Here are a few of x-ray images Leland took:






More can be seen here.
THE HISTORY OF X-RAY PHOTOGRAPHY

We’ve always kicked around the idea of shooting on x-ray film, but after trying, we couldn’t resist learning more about it.
1895 found German physicist, Wilhelm Conrad Röntgen, in his laboratory experimenting with vacuum tubes. He didn’t exactly have a specific theory he was chasing. He was merely seeing what adding different variables to the already established science might produce.

This brings us to the “first” x-ray photograph. According to biographer Otto Glasser, the event went like this:
Röntgen “conceived another experiment for which one evening he persuaded Mrs. Rontgen to be the subject.

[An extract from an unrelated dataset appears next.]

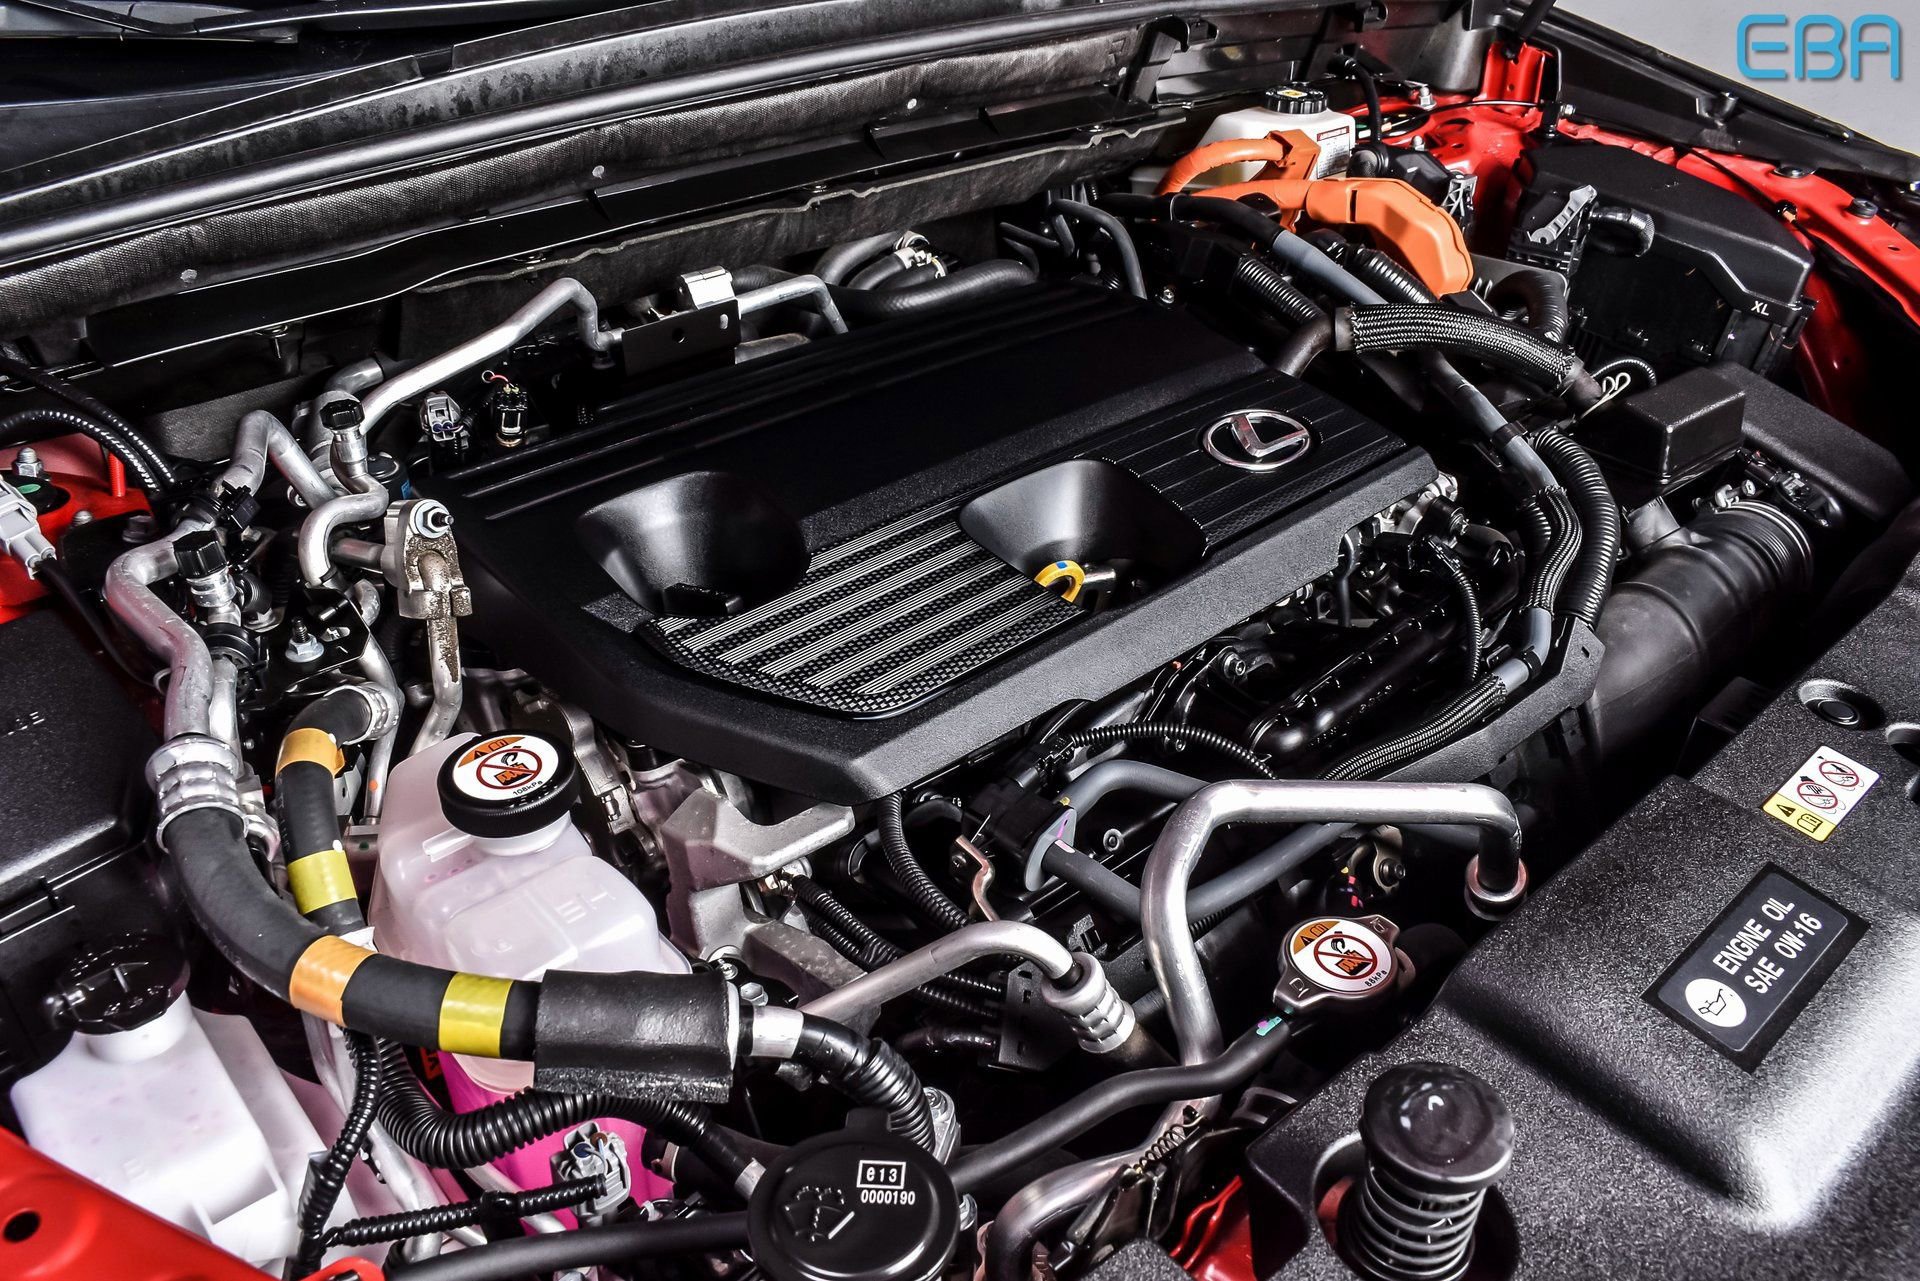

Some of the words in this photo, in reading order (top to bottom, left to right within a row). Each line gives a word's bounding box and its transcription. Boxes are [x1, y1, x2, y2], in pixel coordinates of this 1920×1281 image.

At his instruction she placed her hand on a cassette loaded with a photographic plate, upon which he directed the rays from his tube for fifteen minutes. On the developed plate the bones of the hand appeared light within the darker shadow of the surrounding flesh, two rings on her finger had almost completely stopped the rays and were clearly visible. When he showed the picture to her, she could hardly believe that this bony hand was her own and shuddered at the thought that she was seeing her skeleton. To Mrs. Rontgen, as to many others later, this experience gave a vague premonition of death.”
Legend has tacked on an ending where Mrs. Röntgen saw the image of her boney hand and exclaimed “I have seen my death!” and fled the lab never to enter it again.
This little ending is probably apocryphal, but it makes for a good title, so we had to include it.
Here are some early x-ray shots – some by Röntgen, most by others.
There were poems and cartoons written and drawn about the dangers of x-ray photography – though these dangers weren’t what we know them to be now.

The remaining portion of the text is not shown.